[Collected data]
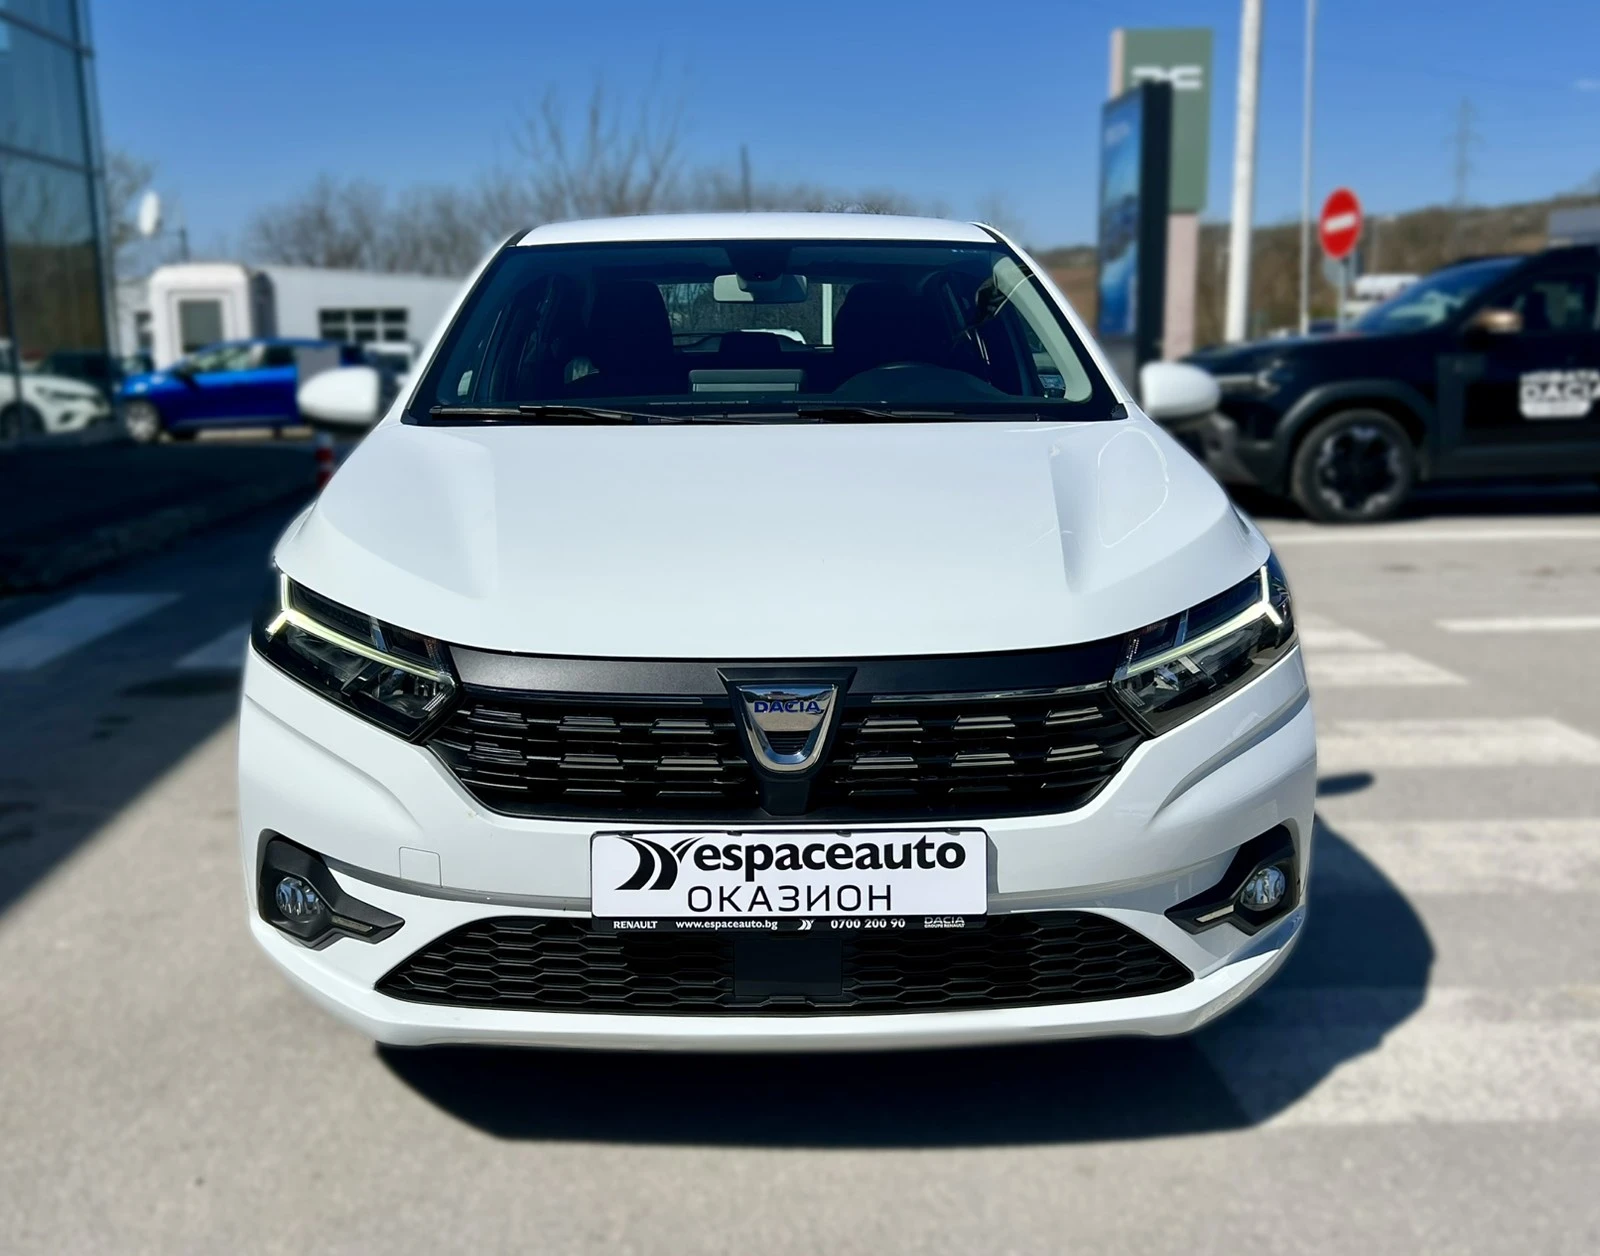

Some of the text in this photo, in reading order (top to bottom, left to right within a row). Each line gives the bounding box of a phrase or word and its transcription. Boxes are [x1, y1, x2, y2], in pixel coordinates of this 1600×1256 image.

[754, 701, 821, 713] DACIA
[693, 835, 967, 882] espaceauto
[687, 885, 892, 912] ОКАЗИОН
[613, 921, 658, 929] RENAULT
[675, 919, 778, 930] www.espaceauto.bg
[830, 919, 906, 929] 0700 200 90
[924, 916, 965, 924] DACIA
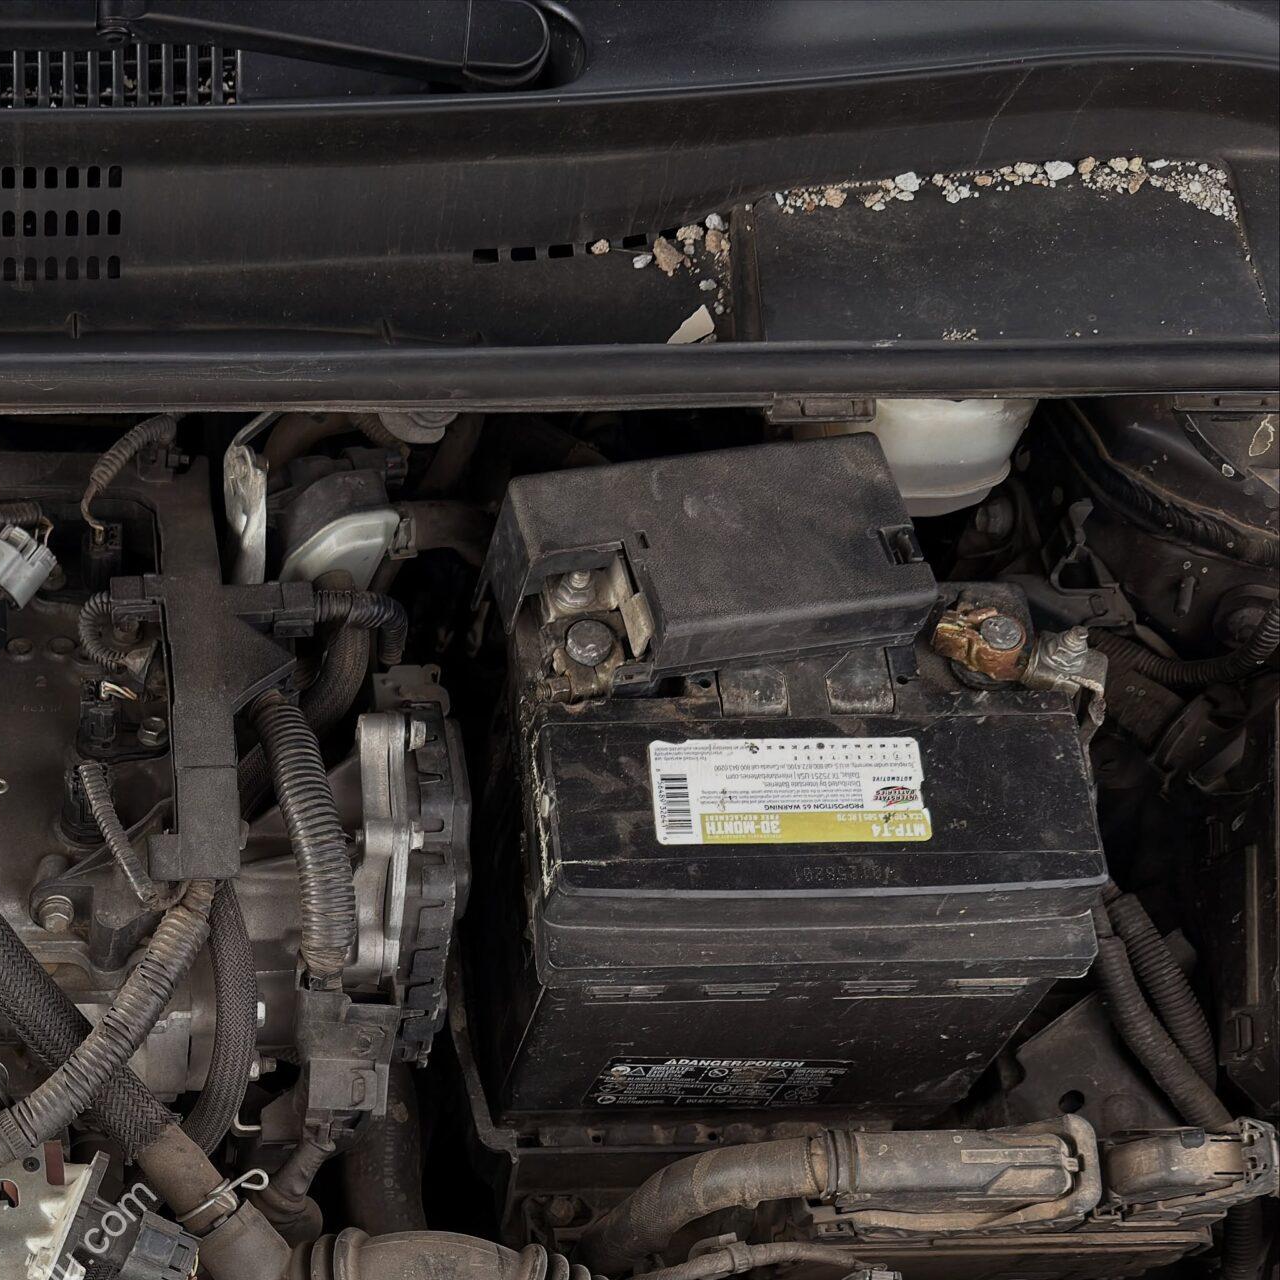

## Problem description
All records should be output exactly, with the pictures left out.

## Completed exercise
Some of the text in this photo, in reading order (top to bottom, left to right within a row). Each line gives the bounding box of a phrase or word and its transcription. Boxes are [x1, y1, x2, y2], in pixel coordinates of this 1600×1256 image.

[754, 701, 821, 713] DACIA
[693, 835, 967, 882] espaceauto
[687, 885, 892, 912] ОКАЗИОН
[613, 921, 658, 929] RENAULT
[675, 919, 778, 930] www.espaceauto.bg
[830, 919, 906, 929] 0700 200 90
[924, 916, 965, 924] DACIA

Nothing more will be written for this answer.